Грубиянские годы: биография. Том I - Поль Жан. Страница 56
Вечером – когда я лежал на прекраснейшем пригорке в саду Заблоцкого и набрасывал для нас сатиру о знати, и при этом заглядывал заходящему солнцу в его большой ангельский глаз, взирающий на какую-нибудь жалкую деревушку с такой же добротой, что и на собственный вселенский дворец, а тем временем надо мной, на легких пурпурных облаках, проплывали кое-какие картины земной жизни, – внезапно зазвучал драгоценно вышколенный искусством певческий голос, который оторвал меня от всех сатир, грез, заходящих солнц и загнал в собственное ухо, в извивах коего, как в египетском лабиринте, покоятся погребенные боги. Дочь генерала пела; она, как это свойственно только благородным девам из рыцарских поместий – ведь крестьянки, которые могли бы ее услышать, подобны немым цветам или тихим птицам в роще, – раскрыла навстречу солнцу и одиночеству свое страдающее, переполненное звуками сердце. Она даже плакала, но едва заметно; и поскольку полагала себя в одиночестве, не отирала слез… Неужели благородный Клотар, подумал я, обрядил свою невесту в темное лишь для того, чтобы яснее обнаружилась ее тонкая талия? – Такое вряд ли возможно!

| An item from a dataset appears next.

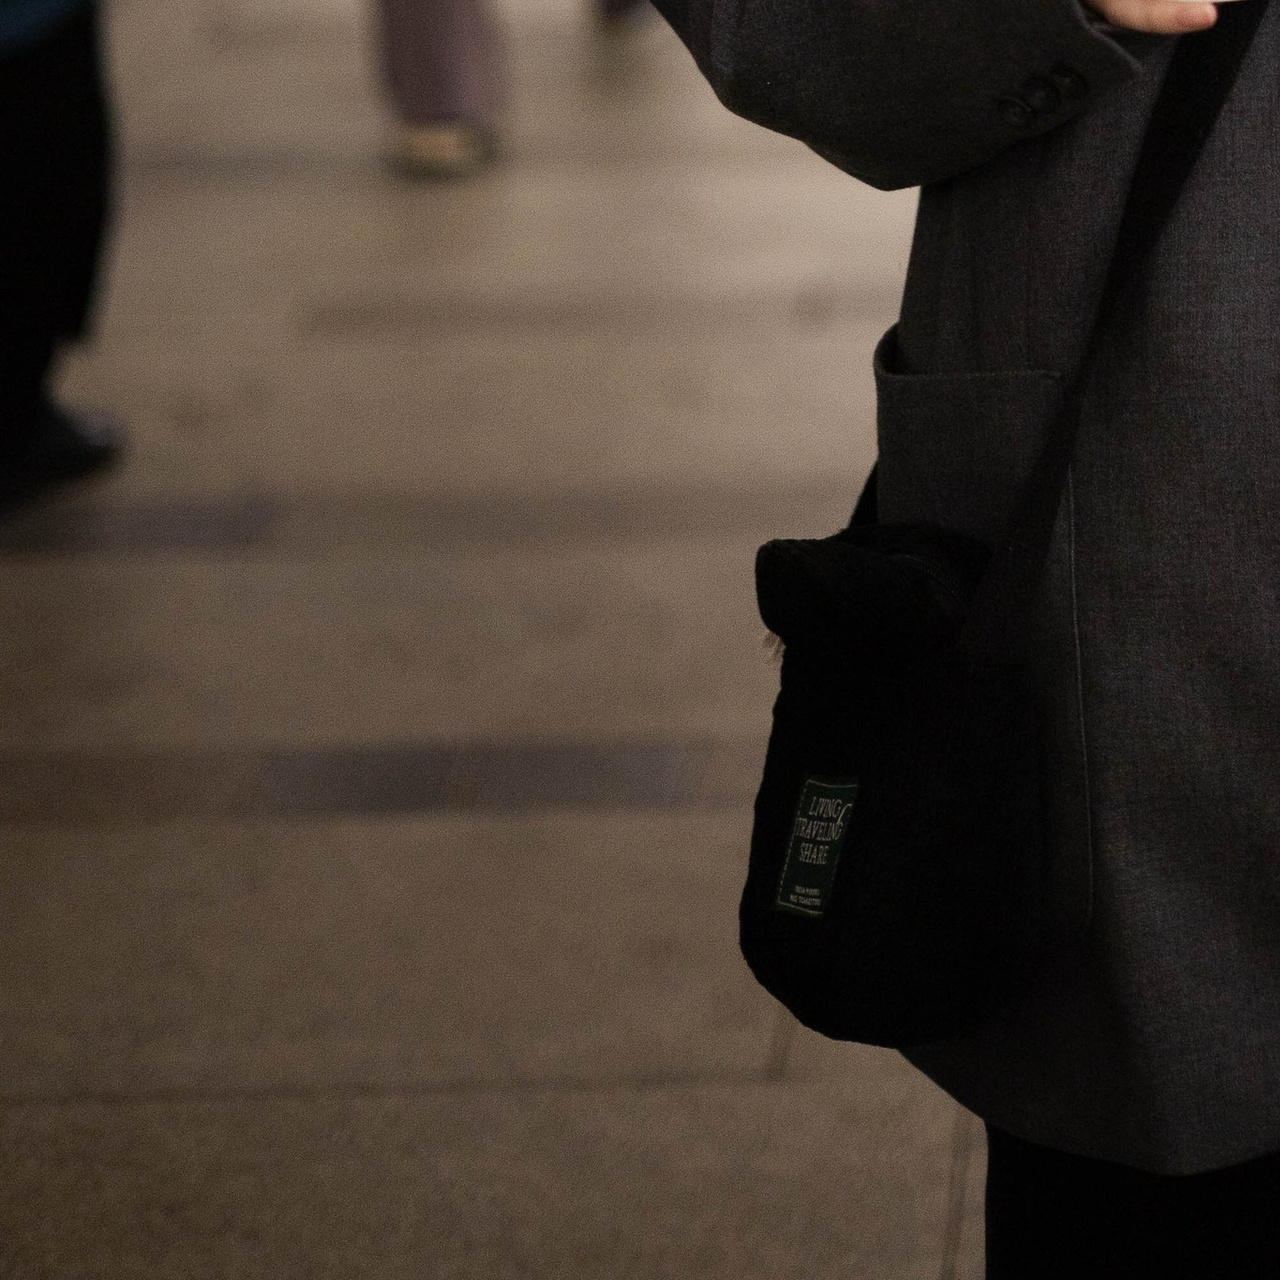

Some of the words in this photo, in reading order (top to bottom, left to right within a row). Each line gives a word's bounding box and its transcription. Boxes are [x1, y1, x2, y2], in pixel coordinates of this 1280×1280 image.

[809, 796, 842, 818] LIVING
[797, 817, 844, 841] TRAVELING
[799, 842, 830, 864] SHARE
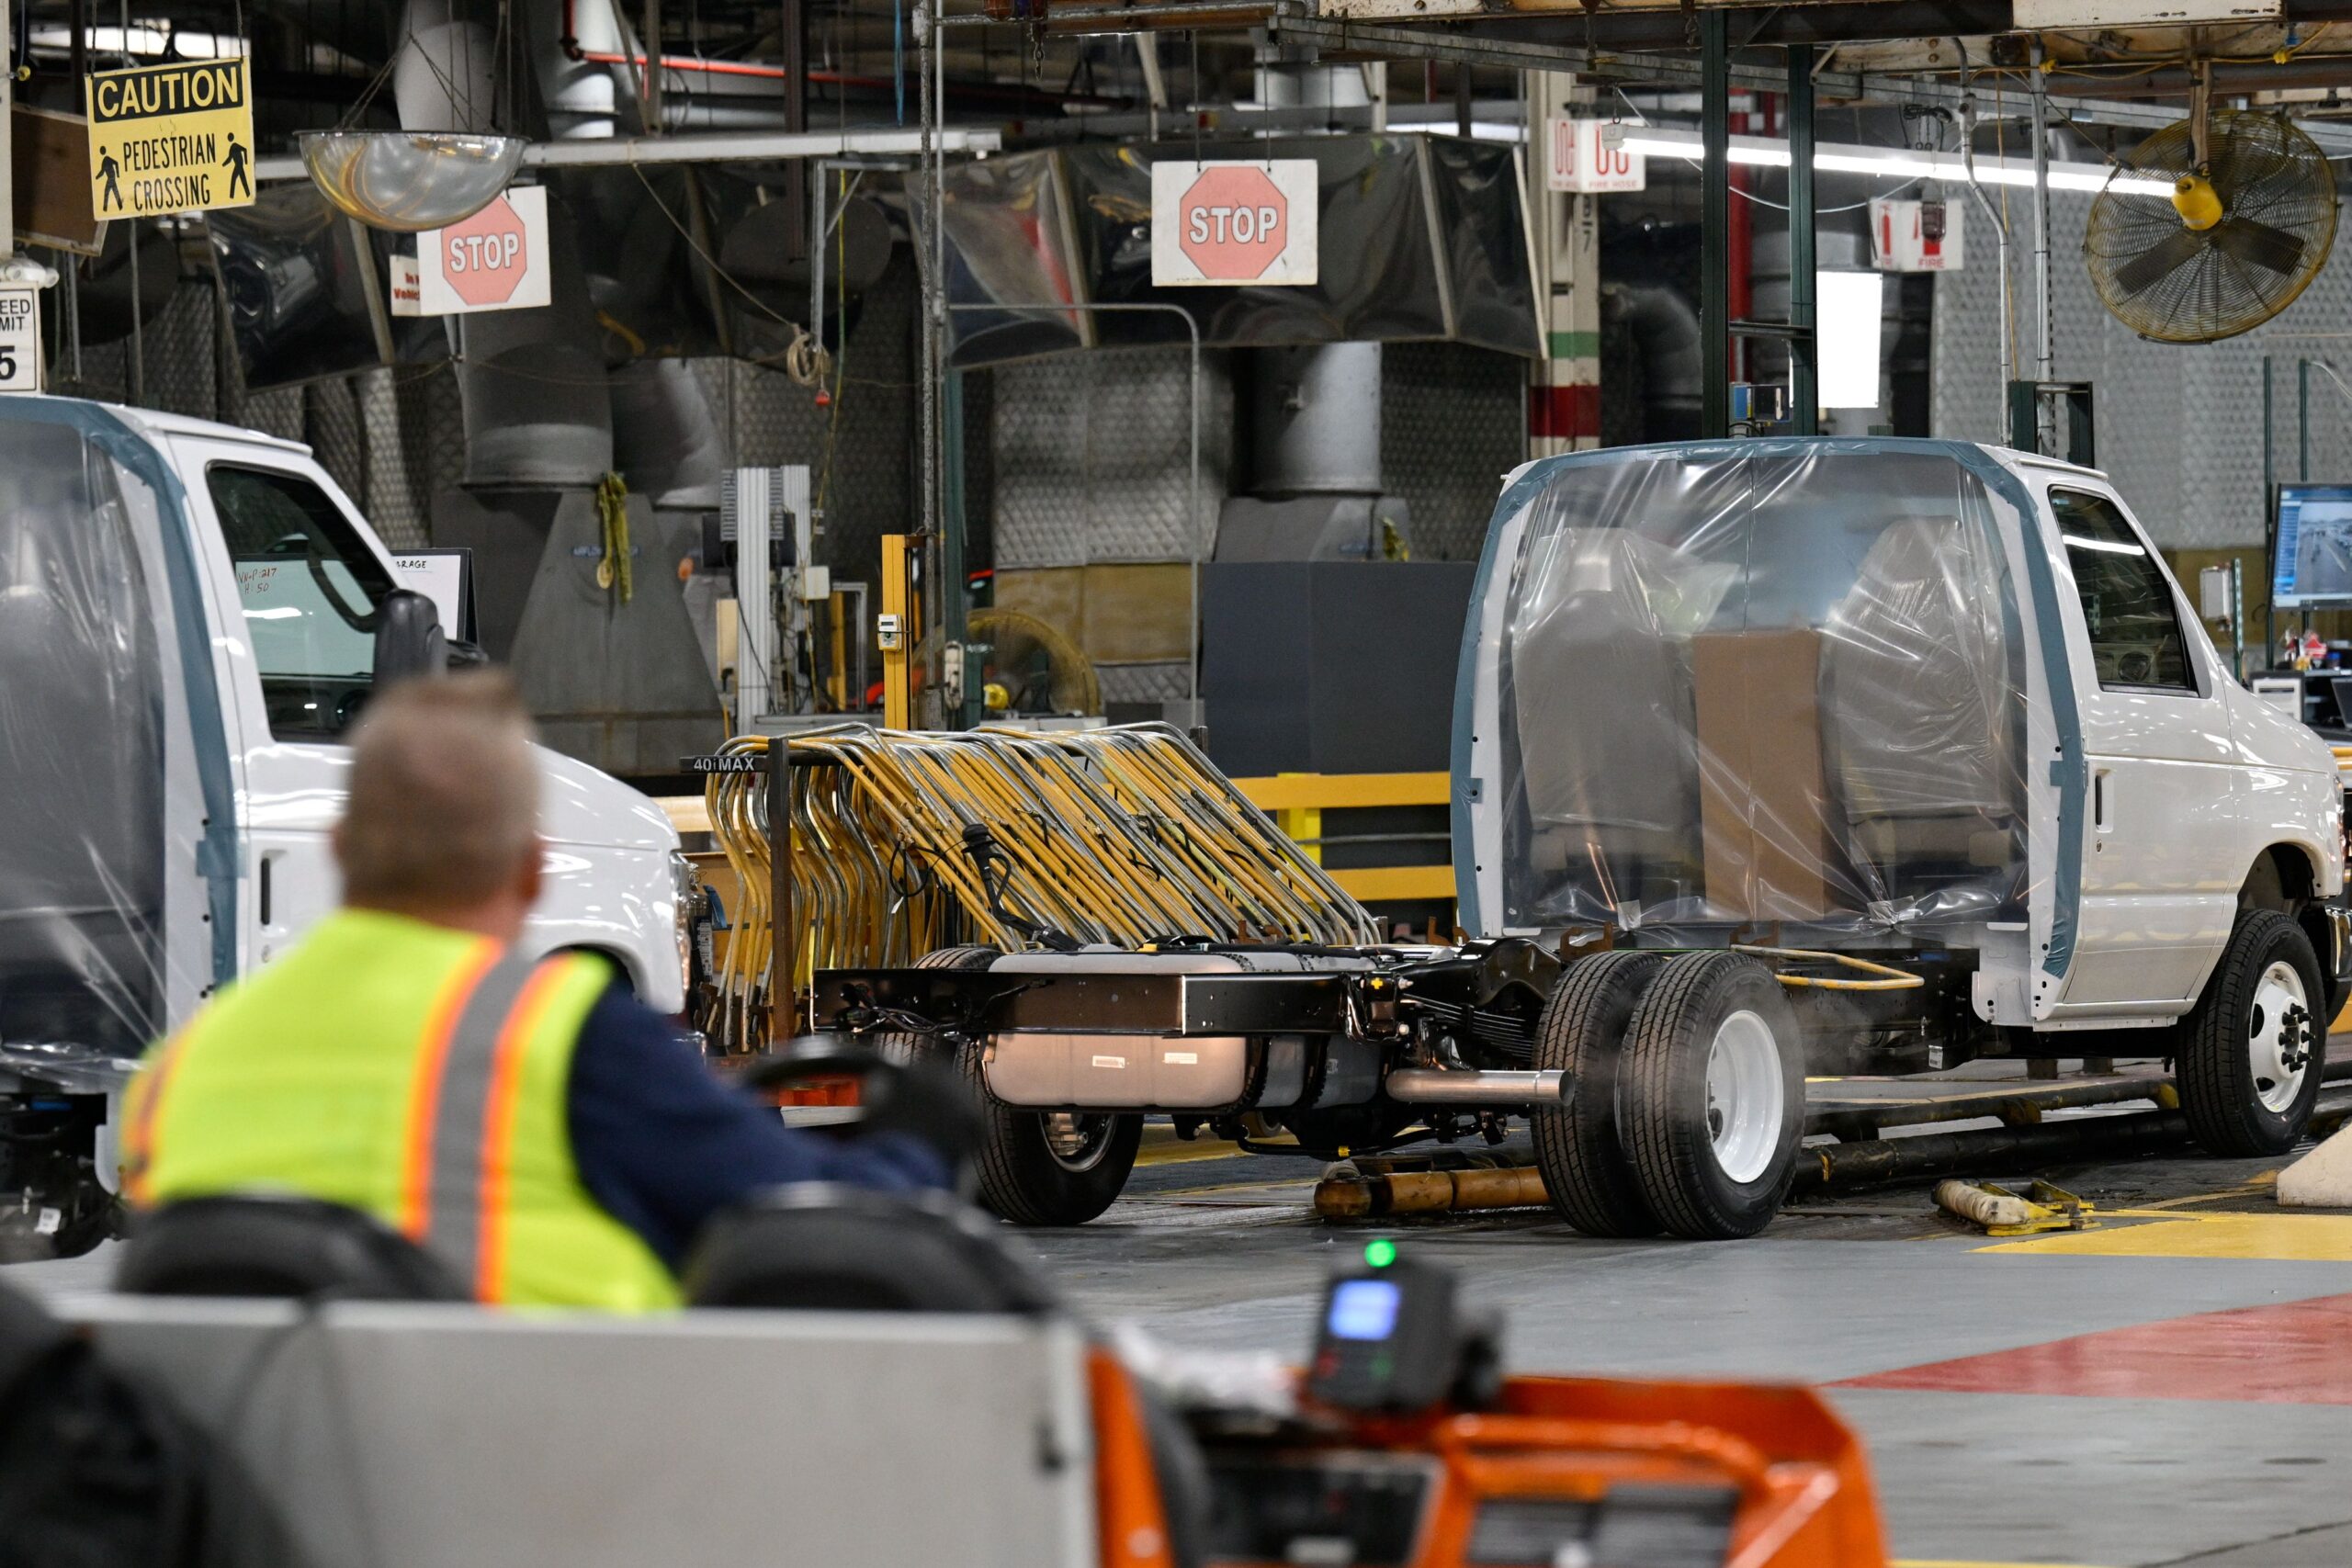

Наконец она заметила меня, но не испугалась: потому что слепой музыкант, за которого она все еще меня принимала, не разглядел бы ее заплаканных глаз и лица. Она, Незнающая, огляделась, высматривая моего провожатого и продолжая тихо напевать рвущуюся из груди песню. Встревожившись за беспомощного слепца, она медленно направилась ко мне, заведя другую, веселую песню, – намереваясь приблизиться, не прерывая пения, чтобы я не испугался, когда со мной внезапно заговорят. Когда она была уже совсем близко, посреди радостных звуков, ее глаза вдруг заволоклись слезами из сострадания – и она не сумела достаточно быстро осушить эти слезы, поскольку хотела взглянуть на меня. Поистине доброе создание, и мне даже захотелось, чтобы она не была еще чьей-то невестой или женой! Как розы, освещенные заходящим солнцем, так вдруг зарделись на детском лице все ее добрые чувства; и когда я вспоминаю эти нежные черные дуги над прекраснейшими черными глазами, я одновременно радуюсь и глазам, и бровям, и никакой иной радости мне не надобно. Не понимаю, как мужчина решается сказать красавице: “Выйди за меня замуж и живи со мной!” Ведь из-за заключенного брака, как из-за Евы, он потеряет весь райский сад со всеми вытекающими из него четырьмя реками, за исключением разве что одной райской птицы из этого сада, которая летает во сне? А вот привязать к себе посредством брачного договора красивый голос – это разумно: не говоря уже о том, что он, как певчая птица, вновь и вновь возвращается (а красота лица – нет), голос имеет перед лицом еще и то преимущество, что маячит перед тобой не целый день, а лишь изредка. Разве не сталкивался я, отнюдь не единожды, с поизносившимся супругом – пожелтевшим именно от того, от чего желтая слоновая кость становится белой (оттого, что его слишком долго прижимали к теплой груди), – чей цвет лица тотчас улучшался, когда жена начинала петь: я хочу сказать, когда итальянский ветерок из теплых, давно прошедших дней начинал сумасбродно овевать, растапливая, полярный лед его брачной жизни?..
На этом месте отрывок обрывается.